L'emprise pulsionnelle est plus ou moins accessible à la conscience. Le caractère impérieux,
irrésistible de l'agir n'exclue pas une combinaison avec les sentiments de jubilation et de
désarroi. »
• une très faible estime de soi.
« Les enfants et adolescents, doutent d'eux même, ont peur de l'échec, de ne pas être à la
hauteur et le vivent de manière directe, abrupte, massive. Ils semblent manquer de ressources
personnelles suffisantes pour relativiser, composer, prendre un peu de distance avec ces
sentiments insupportables générés par la moindre confrontation à une demande, à une limite
venant d'autrui. Les exigences, les contraintes de la socialisation ou des apprentissages leur
font courir le risque de prendre conscience d'une insuffisance, ou d'une faiblesse. Alors qu'ils
se vivent et se veulent « tout », le moindre « manque » vient assaillir leur narcissisme, au point
d'occulter toute pensée, toute élaboration voire la perception même. Ils tentent d'esquiver tout
ce qui peut menacer ou altérer leur fantasme infantile d'omnipotence. Ceci les conduit à braver,
provoquer, défier ou à l’inverse, s'isoler, se retirer, se claquemurer. »
• une détresse existentielle et une forte quête affective.

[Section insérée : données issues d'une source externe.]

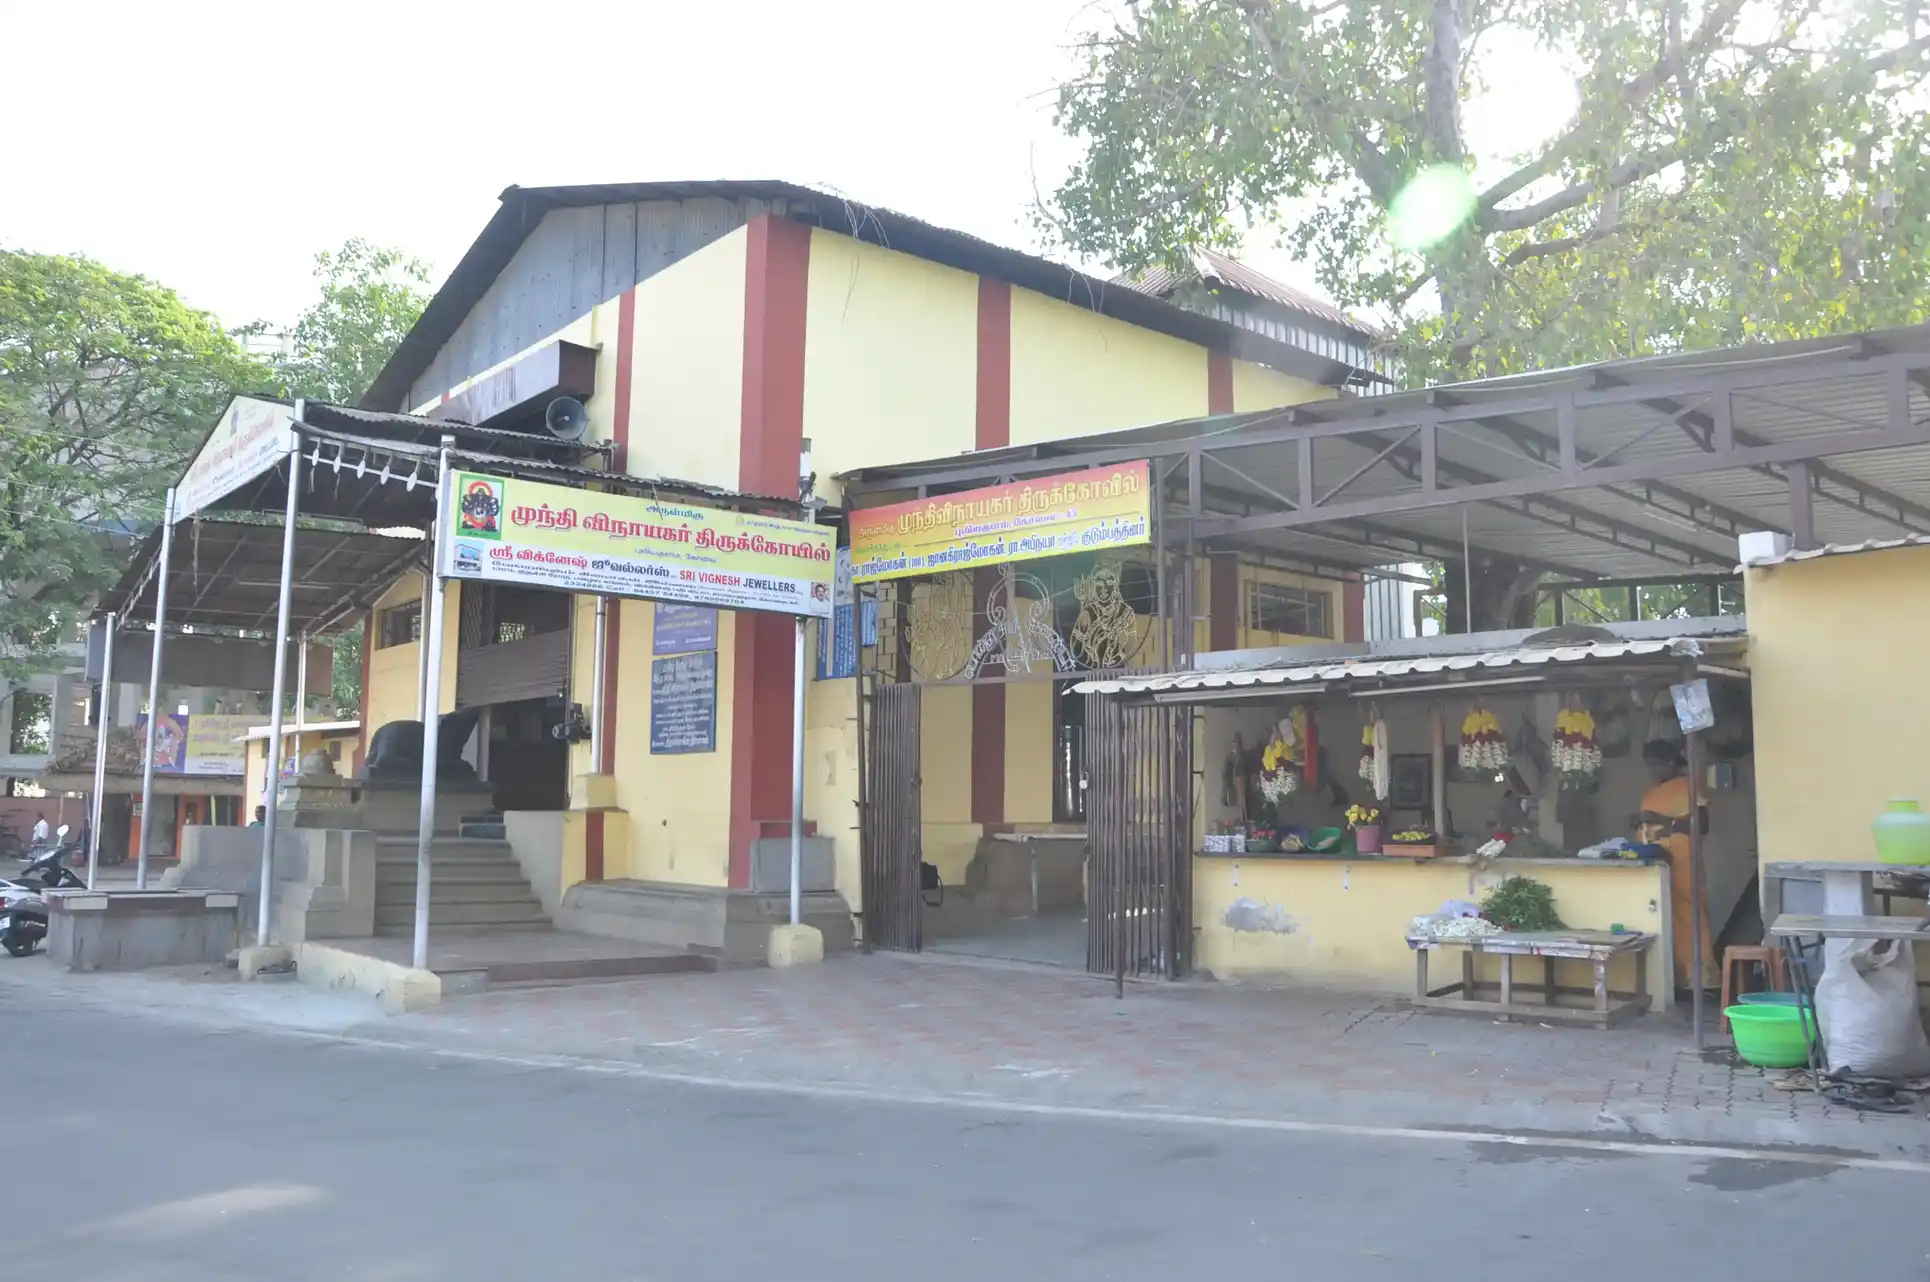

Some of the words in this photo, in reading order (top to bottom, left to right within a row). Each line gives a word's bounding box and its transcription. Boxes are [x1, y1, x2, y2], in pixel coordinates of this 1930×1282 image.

« Ces jeunes éprouvent une difficulté importante à se considérer comme manquant,
incomplets. Leurs possibilités d'envisager l'existence ont tendance à se réduire aux binômes :
tout ou rien, ici et maintenant. Pour tenter de gérer ces alternatives terribles, les enfants ou
adolescents vont recourir à tout ce qui peut leur donner le sentiment provisoire d'échapper à la
demande d’autrui. Ils recherchent, à leur manière, souvent de façon indirecte, surprenante, des
adultes structurants, bienveillants et sécurisants. Ils consentent à s'engager par leur médiation,
non sans protestations vigoureuses la plupart du temps, dans des activités qui leur permettent
une certaine restauration narcissique. En contrepoint, la prise de conscience de cette relation
de dépendance provoque des attitudes de fuite ou de rupture, des tentatives de destruction et
d'anéantissement, plus ou moins tonitruantes ou spectaculaires, souvent accompagnées
d'accès de violence, de bris de matériel, de dégradations de locaux, d'agressions physiques
et/ou verbales. L'étayage qui leur est nécessaire n'est apprécié et supportable que dans la
mesure où il est suffisamment discret. Ils s'accommodent de cet étayage pour composer avec
l'angoisse d'être valables à leurs yeux et à ceux des autres. Cette quête affective ne peut dire
son nom. Tout ressenti, toute prise de conscience même partielle, d'un lien avec une personne
qui leur apporte des éléments pour se construire devient révélateur de leur fragilité et de leur
manque, il dévoile leur détresse. Alors qu'ils ont peur d'être isolés pour affronter les aléas de la
vie, ils préfèrent rompre plutôt que de reconnaître qu'ils ont temporairement besoin de ces
points d'appuis. C'est peut-être à partir de cette hypothèse dynamique que nous pouvons
comprendre ces alternances de comportements régressifs et de défis, ces demandes
paradoxales et contradictoires qui intriguent, inquiètent, parfois déroutent les adultes et les
jeunes autour d'eux. »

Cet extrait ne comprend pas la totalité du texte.